Two dozen leaf swabs from plants in Uganda’s Kibale National Park revealed a stunningly accurate genetic picture of the park’s vertebrate diversity, researchers report in the Aug. 21 Current Biology. The swabs picked up environmental DNA, or eDNA, shed from 52 animals, 30 of which could be identified to the species level. The quick and easy technique is a potentially revolutionary way to monitor biodiversity.

“The fact that they could just swab a few leaves like that and get that many species is really kind of cool and remarkable,” says Julie Lockwood, a biologist at Rutgers University in New Brunswick, N.J., who was not involved with the study.

While we often picture DNA sitting safe and snug inside of cells, the truth is that particles of the genetic material are loose all over the environment. This eDNA often collects in “pools” in bodies of water or on surfaces like tree bark. Finding and analyzing eDNA can reveal what species are in an area — even those that are hard to spot.
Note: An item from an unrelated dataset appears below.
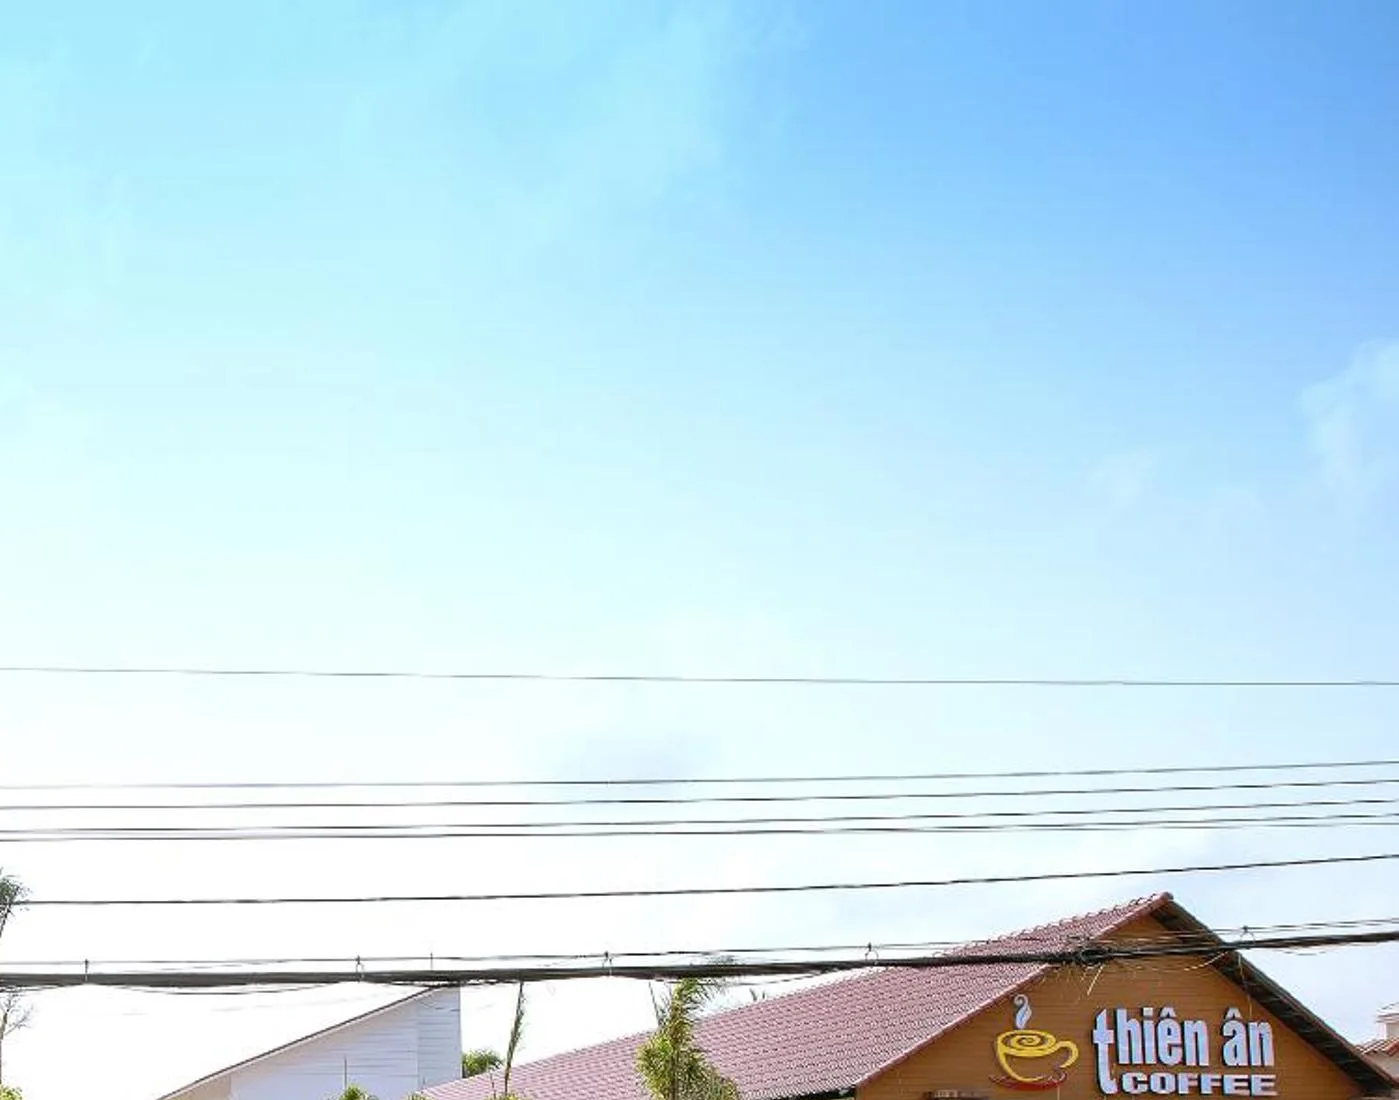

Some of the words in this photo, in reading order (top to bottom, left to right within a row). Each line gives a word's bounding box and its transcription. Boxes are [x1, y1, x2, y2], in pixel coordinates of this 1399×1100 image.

Jan Gogarten, a biologist at the University of Greifswald in Germany, wanted to compare his eDNA source — flies that pick up DNA from dead animals and feces — with that of biologist Christina Lynggaard, who collects eDNA from the air (SN: 1/18/22). The two set out to compare their respective techniques in Kibale, but setting up the necessary air filters was time-consuming, so after collecting his flies, Gogarten decided to swab some nearby leaves while he waited.

“It was not something that we had planned before,” says Lynggaard, of the University of Copenhagen.

All the swabbing in the study, done across three areas of the park, took 72 minutes in total—an average of three minutes per swab. For comparison, Lynggaard ran air filters to collect eDNA for a minimum of 30 minutes each in a prior study, not including time to set up and clean the apparatus. The researchers then brought the swabs back to Denmark for analysis.

The eDNA turned up many charismatic birds and mammals that are known to live in the park, including the great blue turaco (Corythaeola cristata) and the African bush elephant (Loxodonta africana), but there were a few surprises too.

Colin Chapman, another collaborator on the project and a biologist at Vancouver Island University in Nanaimo, Canada, “has been working in the forest for 30-something years,” Gogarten says, “and he had bird species on the list that he hadn’t seen before,” but have been spotted in the park by others. “There’s a lot out there that we just don’t see” that can be revealed with eDNA.

What’s more, the swabs are more convenient to travel with compared with other sampling devices. Lockwood, for example, samples eDNA from plant surfaces using paint rollers. With the smaller swabs, she says, “you can just use established forensic techniques to save the swabs and get them out of the field and take them back to the lab.”

With biodiversity declining in many areas around the globe, sampling eDNA using techniques like leaf swabs “allows us a revolutionary step forward in our ability to document those changes and respond to them,” Lockwood says (SN: 9/4/20). “There’s not one tool for gathering the eDNA and processing everything that works in every case. So the more tools we have, the better off we are.”

Gogarten and Lynggaard hope that others will take their swabbing technique and run with it. Because the method “can be used by nonscientists,” Lynggaard says, “people interested in citizen science could … help researchers fight this biodiversity loss that we’re having worldwide.”

For example, schoolchildren armed with swabs, Gogarten says, could sample leaves in their backyards and produce a picture of their own area’s biodiversity.